## Task objective:
Each entry should be printed exactly, with its images omitted.

*** Data provided Section Begins ***

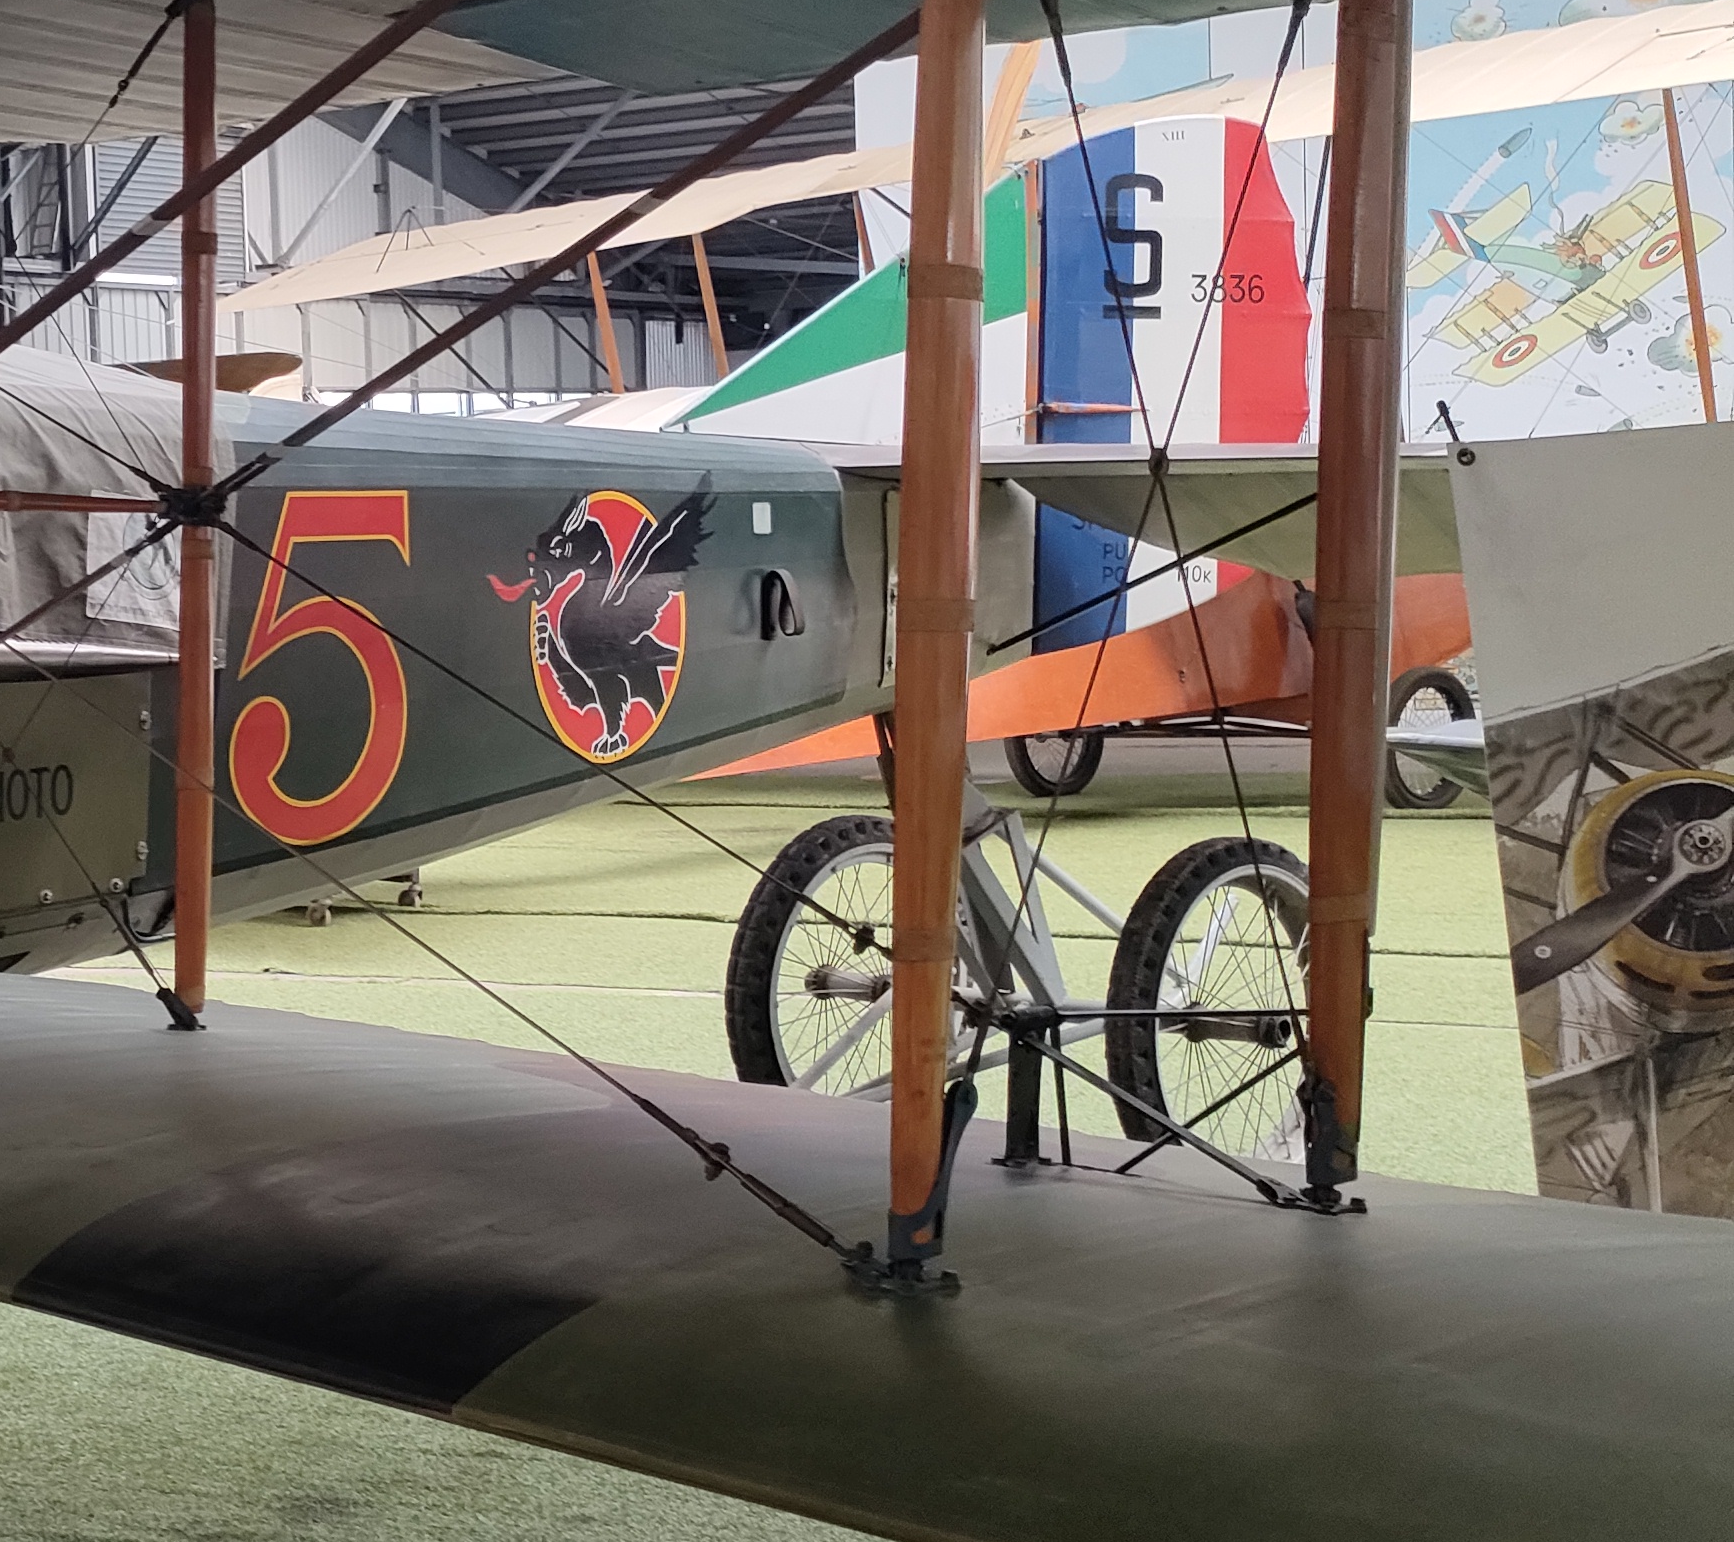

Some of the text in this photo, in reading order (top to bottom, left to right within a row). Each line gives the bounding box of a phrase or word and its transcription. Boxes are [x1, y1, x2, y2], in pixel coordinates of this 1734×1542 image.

[1162, 130, 1186, 142] XIII
[1104, 173, 1164, 298] S
[1190, 274, 1265, 303] 3836
[229, 489, 411, 847] 5
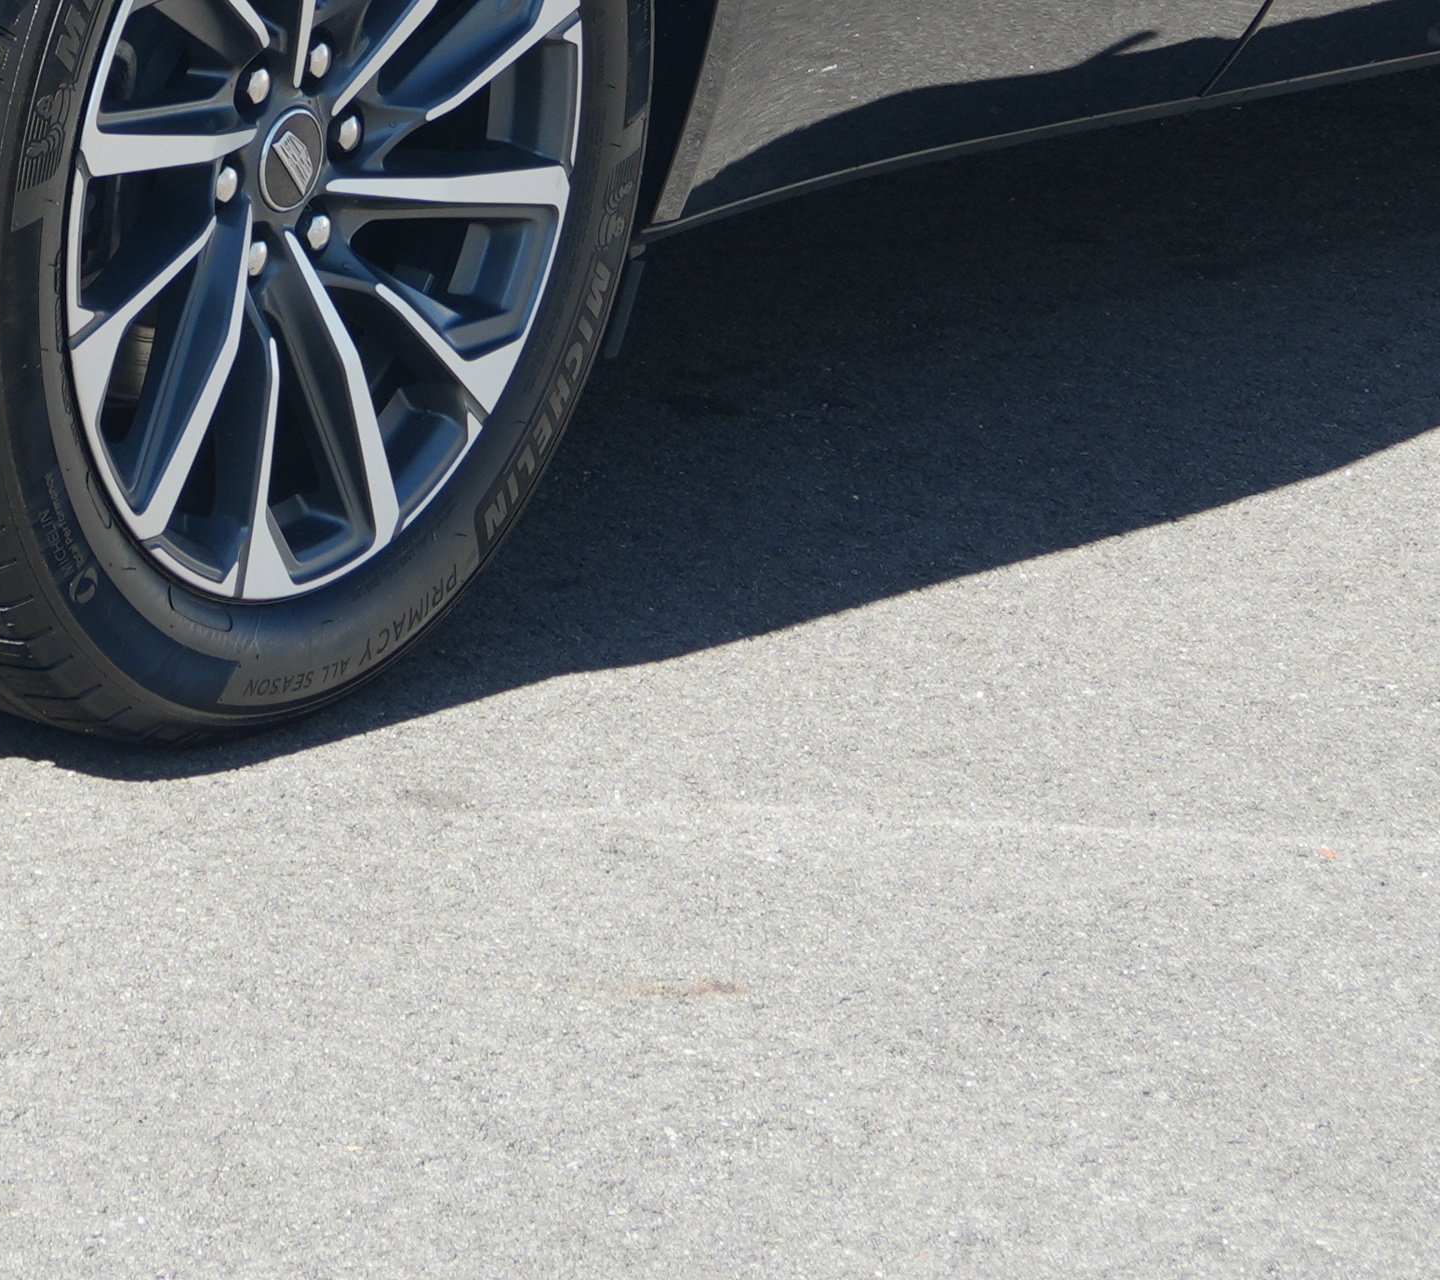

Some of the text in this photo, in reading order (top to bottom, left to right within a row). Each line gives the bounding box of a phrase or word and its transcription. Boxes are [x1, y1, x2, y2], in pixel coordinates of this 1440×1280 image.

[483, 260, 611, 541] MICHELIN
[38, 508, 74, 578] MICHELIN
[243, 563, 458, 698] PRIMACY ALL SEASON
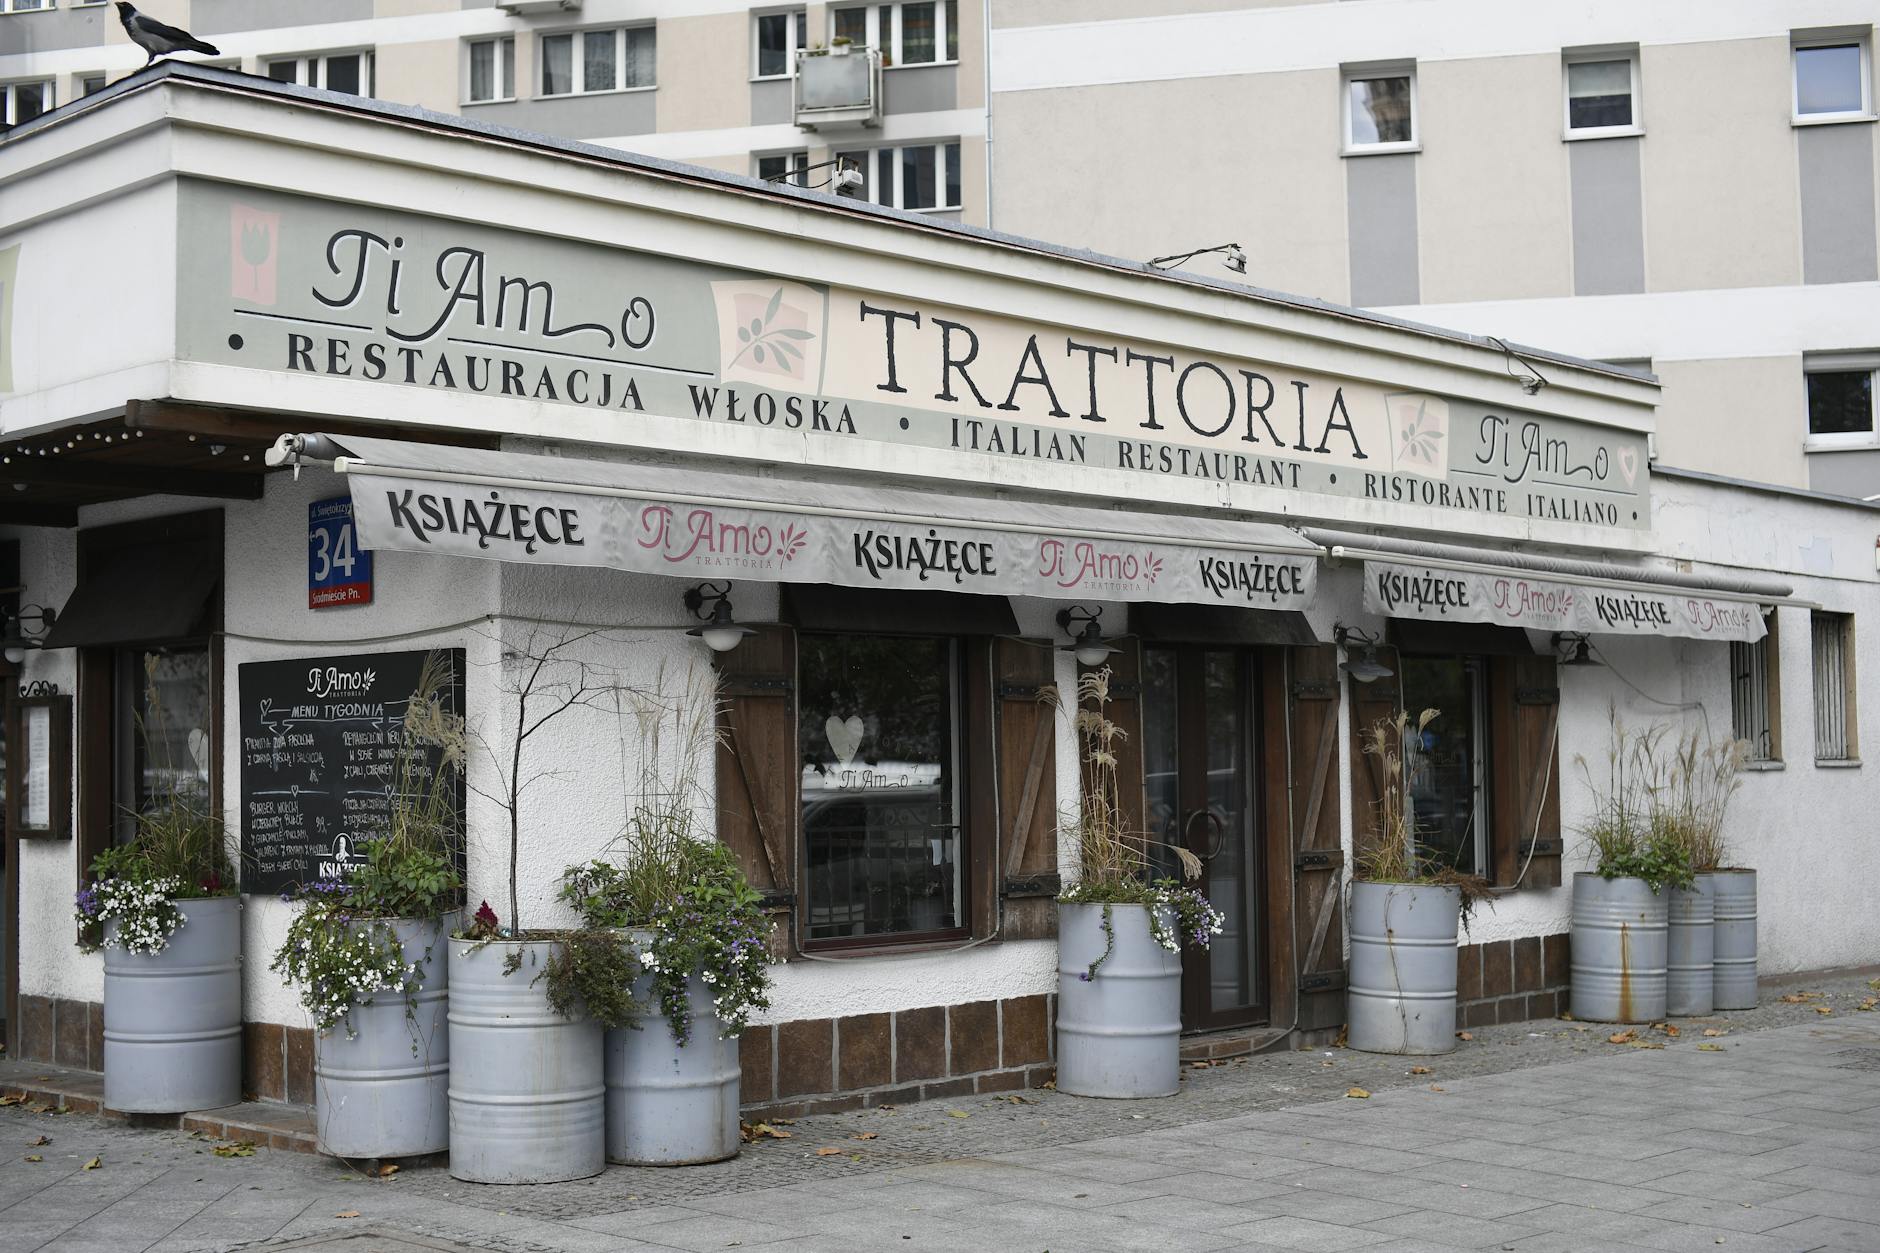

*** Data provided Section Ends ***

## Solved exercise:
Some of the text in this photo, in reading order (top to bottom, left to right within a row). Each line gives the bounding box of a phrase or word and its transcription. Boxes are [x1, y1, x2, y2], in pixel coordinates of this 1734×1542 image.

[1162, 130, 1186, 142] XIII
[1104, 173, 1164, 298] S
[1190, 274, 1265, 303] 3836
[229, 489, 411, 847] 5

Some of the text in this photo, in reading order (top to bottom, left to right within a row). Each line gives the bounding box of a phrase or word and its transcription. Boxes are [x1, y1, x2, y2], in pixel coordinates of this 1440×1280 image.

[483, 260, 611, 541] MICHELIN
[38, 508, 74, 578] MICHELIN
[243, 563, 458, 698] PRIMACY ALL SEASON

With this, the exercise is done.